Poster finalists will be required to mail their original artwork upon being notified of their selection as finalists. The finalist videos and posters will be featured on JASON and ISRI websites.
Up to two grand-prize winners will be selected. Grand prize winners will receive a trip for one team representative and a parent/guardian chaperone to ISRI’s Annual Convention & Exposition to be held in Los Angeles in April 2019.
Trip costs covered include airfare for two (student plus parent/guardian chaperone) from a major airport, two nights at the ISRI Convention Hotel, and an ISRI Convention pass for one day, including lunch.

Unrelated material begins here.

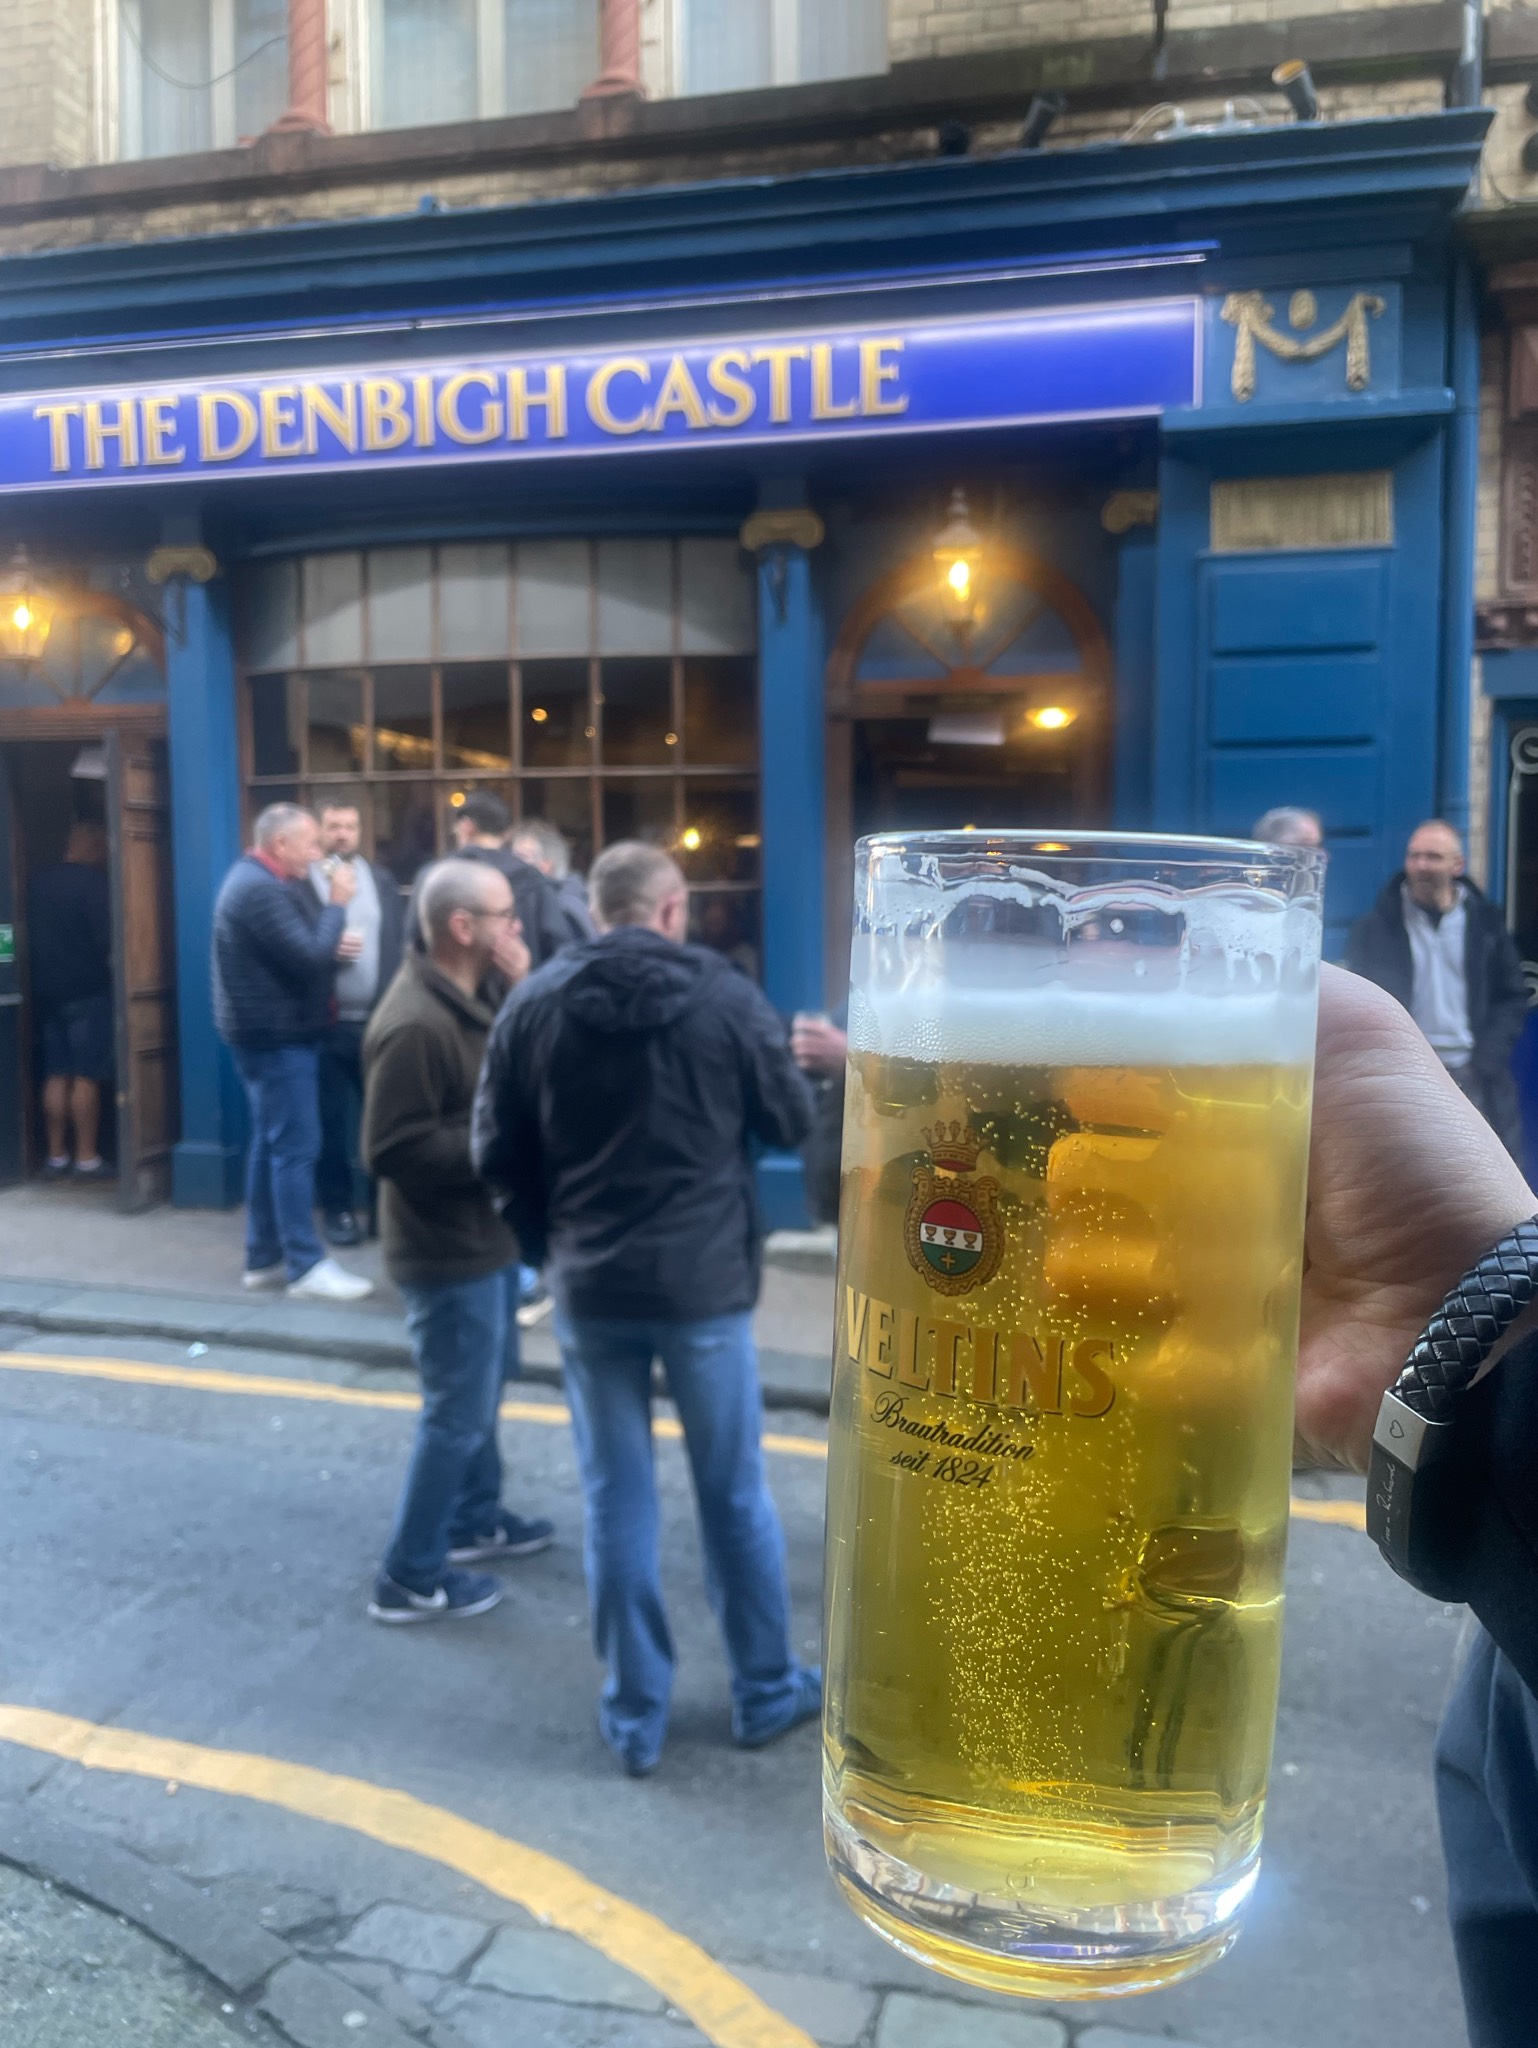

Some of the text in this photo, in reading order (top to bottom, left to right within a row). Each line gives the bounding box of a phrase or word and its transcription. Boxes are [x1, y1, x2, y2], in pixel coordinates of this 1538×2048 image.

[33, 338, 909, 472] THE DENBIGH CASTLE
[846, 1284, 1116, 1418] VELTINS
[870, 1390, 1036, 1461] Brautradition
[889, 1449, 994, 1489] seit 1824

In cases where a team (more than one individual) is chosen as the grand-prize winner, the team must choose one individual to represent the team at the conference; additional team members and/or chaperones can attend as well if the team raises the necessary funds on their own to cover their additional travel costs.

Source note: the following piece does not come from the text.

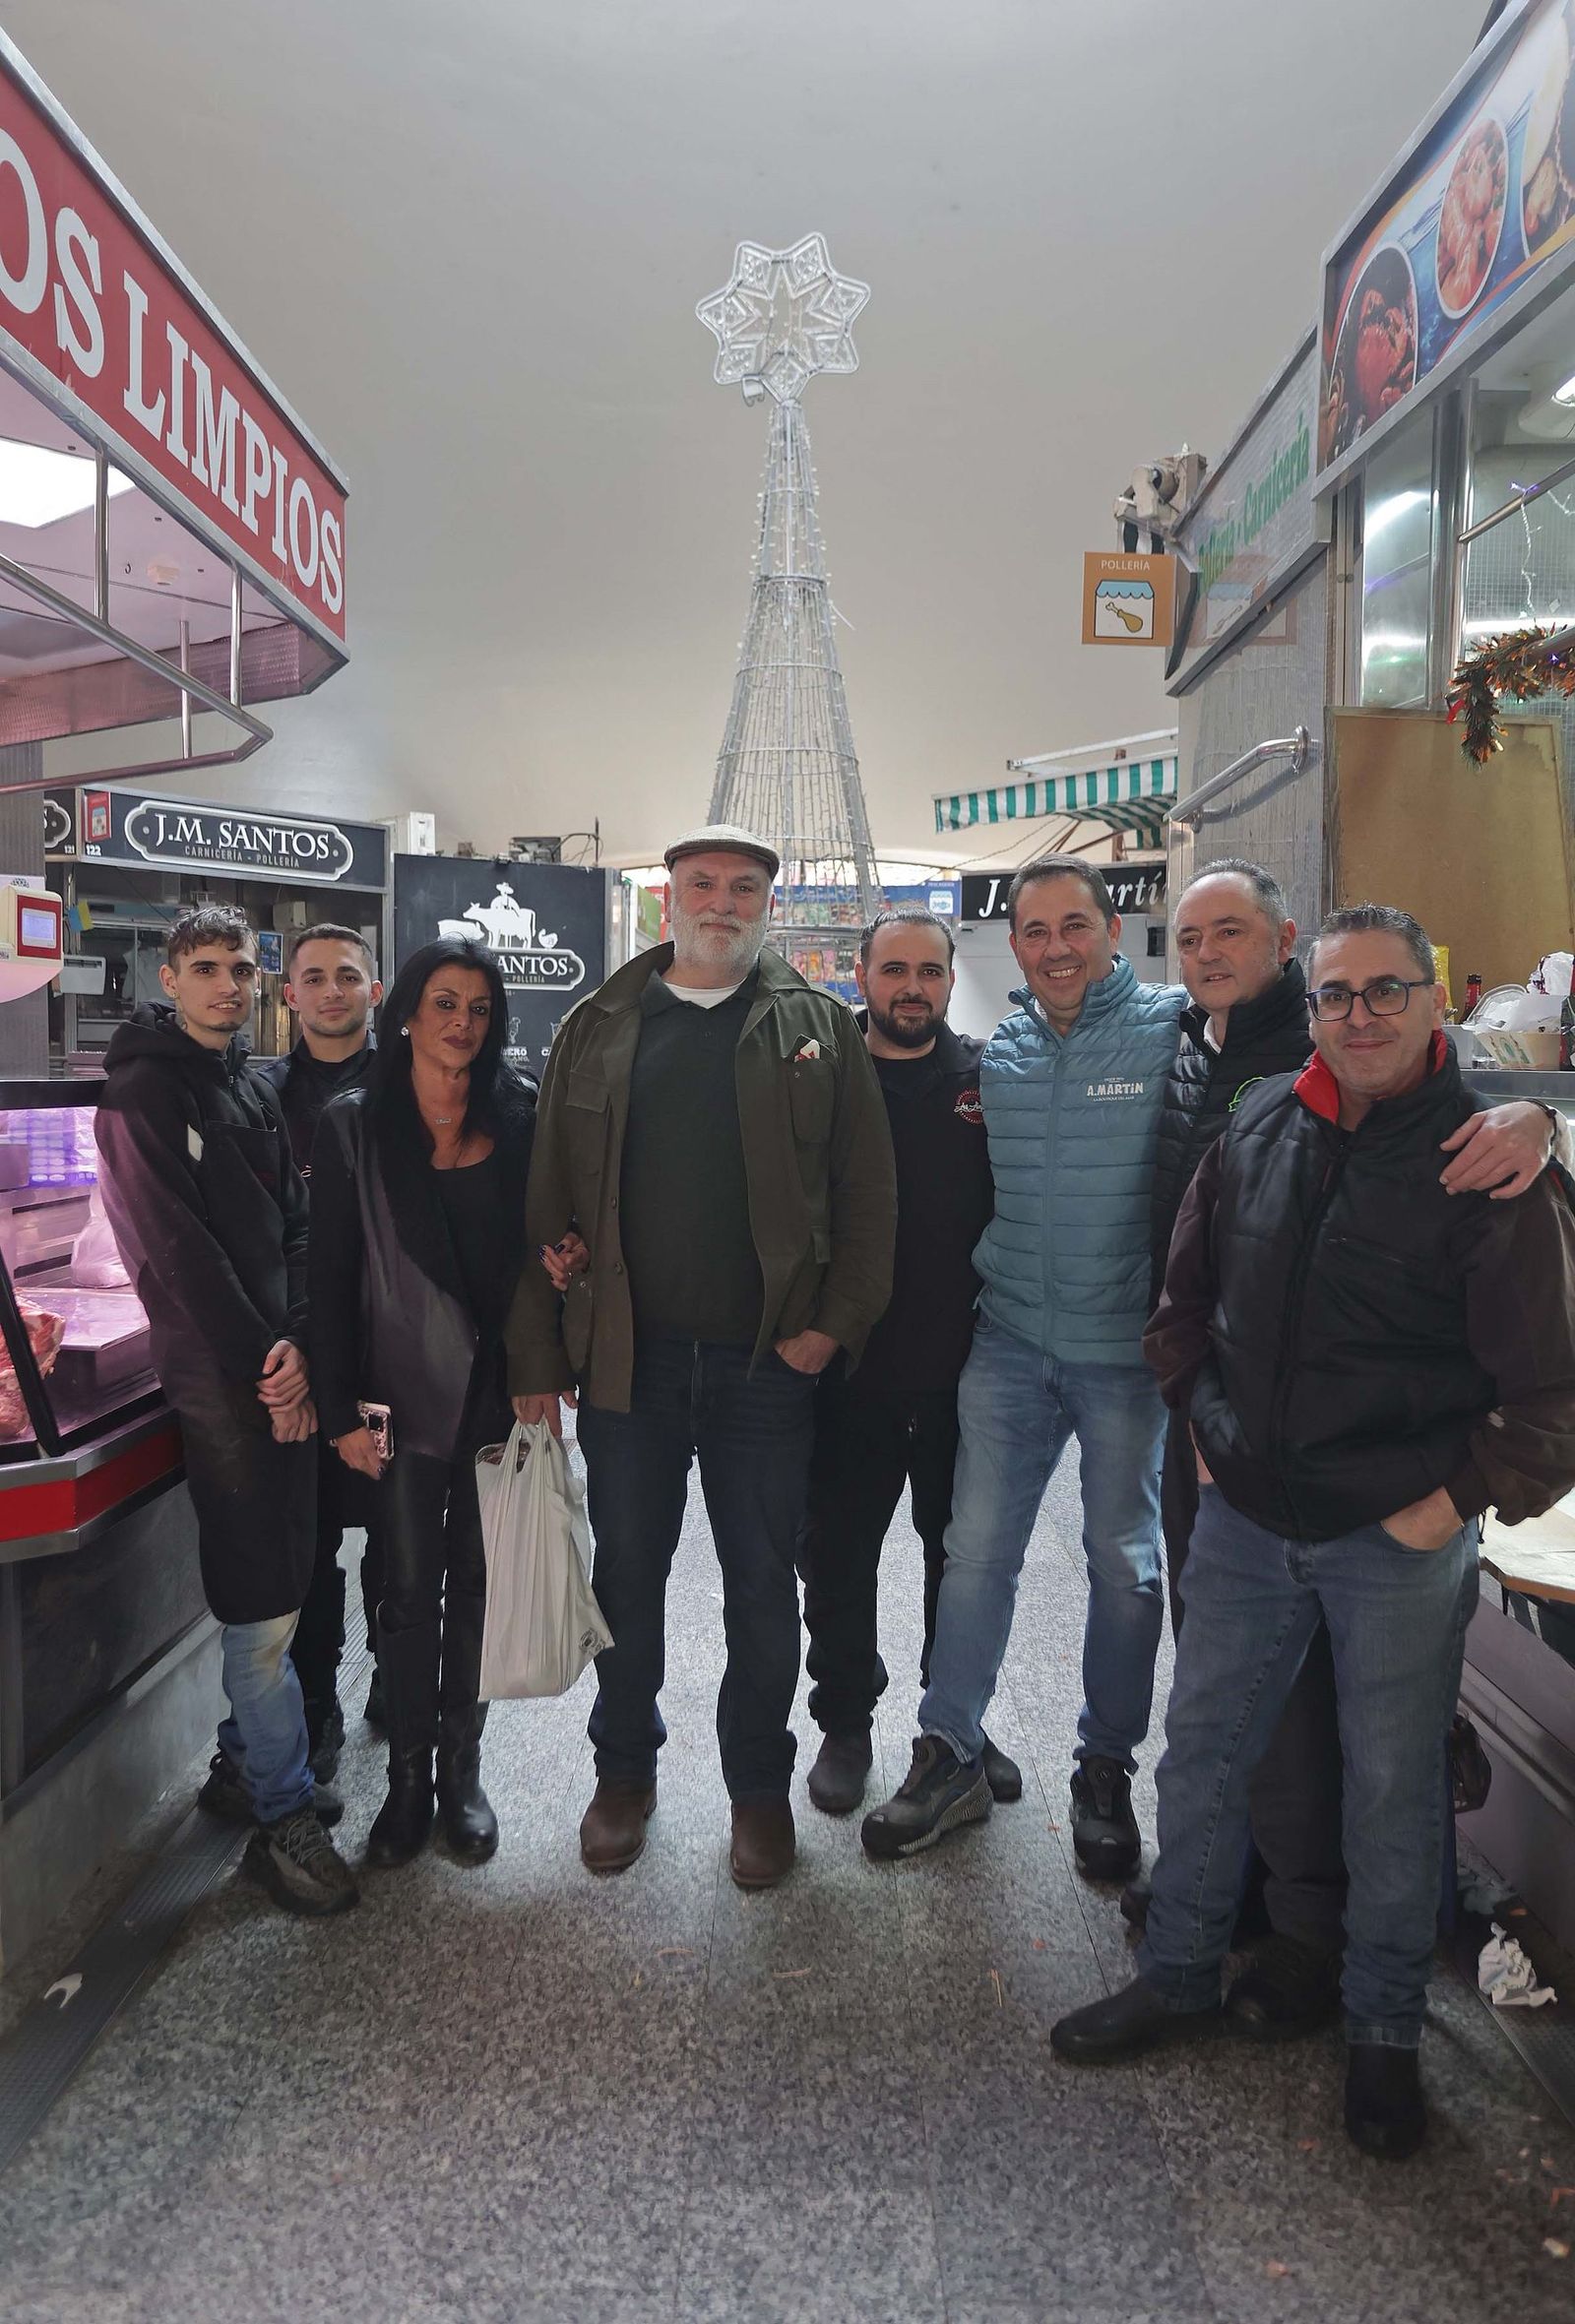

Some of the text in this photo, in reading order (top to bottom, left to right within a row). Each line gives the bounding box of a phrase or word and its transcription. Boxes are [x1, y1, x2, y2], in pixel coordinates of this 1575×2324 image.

If selected as a grand-prize winner, winner is responsible for obtaining any necessary travel documents, such as government-issued picture id if needed, visa (if traveling internationally), etc.
The Institute of Scrap Recycling Industries, Inc. (ISRI) is the “Voice of the Recycling Industry.” ISRI and its 21 chapters represent approximately 1,300 companies operating in nearly 4,000 locations in the U.S. and 34 countries worldwide that process, broker, and consume scrap commodities, including metals, paper, plastics, glass, rubber, electronics, and textiles. With headquarters in Washington, DC, ISRI provides education, advocacy, safety and compliance training, and promotes public awareness of the vital role recycling plays in the U.S. economy, global trade, the environment and sustainable development. Generating more than $105 billion annually in U.S. economic activity, the scrap recycling industry provides nearly half a million Americans with good jobs. For more information about ISRI, please visit www.isri.org.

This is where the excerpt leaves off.